The Gezirah Palace () was one of the Egyptian royal palaces of the Muhammad Ali Dynasty.  It is located in the Zamalek district on Gezira Island in the Nile, just west of Downtown Cairo.

History
The Gezirah Palace, designed c. 1868, was commissioned by Khedive Ismail for entertaining visiting international dignitaries during the opening of the Suez Canal in 1869.

At the palace's opening ceremony, guests saw the first performance of Giuseppe Verdi's opera Aida, commissioned for the opening of the Suez Canal.

Ismail Pasha fell into debt and sold the Palace ten years after its construction to Michel Lutfallah who turned it into his private residence.
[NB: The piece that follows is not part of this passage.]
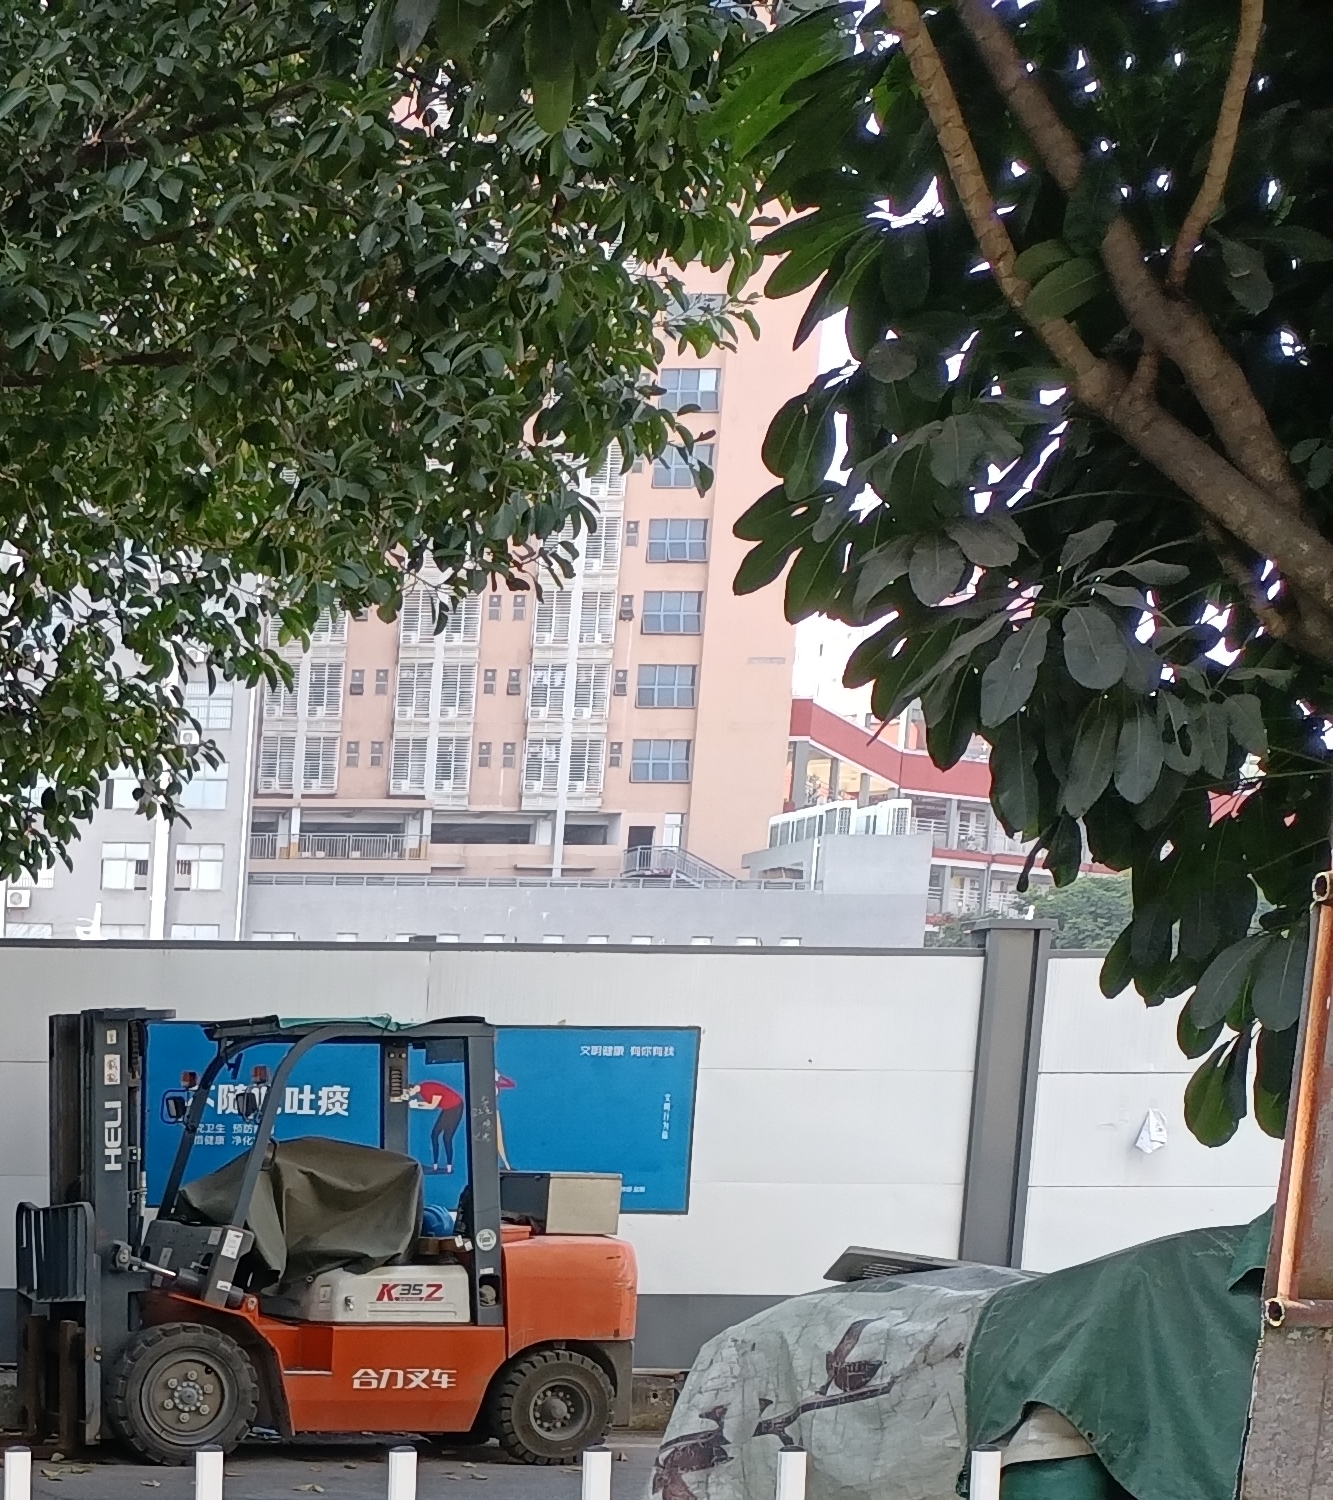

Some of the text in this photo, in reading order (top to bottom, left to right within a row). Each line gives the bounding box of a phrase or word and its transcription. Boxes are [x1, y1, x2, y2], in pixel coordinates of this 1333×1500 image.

The palace was known during that period as the Lutfallah Palace.

During the Veiled British Protectorate, the palace was sold to Paul Draneht and Commander Oblieght in 1889, and converted by the Compagnie Internationale des Grands Hotels into The Ghezireh Palace Hotel in October 1894. During World War I it was put into service as the No.2 Australian General Hospital, after the Mena House was unable to cope with the huge number of casualties from the Battle of Gallipoli.

Architecture 
The Gezira Palace was a neoclassical structure with an alhambresque style used for interior decorations, the portico façade, and a monumental garden pavilion. The landscaped gardens surrounding the palace included a zoo.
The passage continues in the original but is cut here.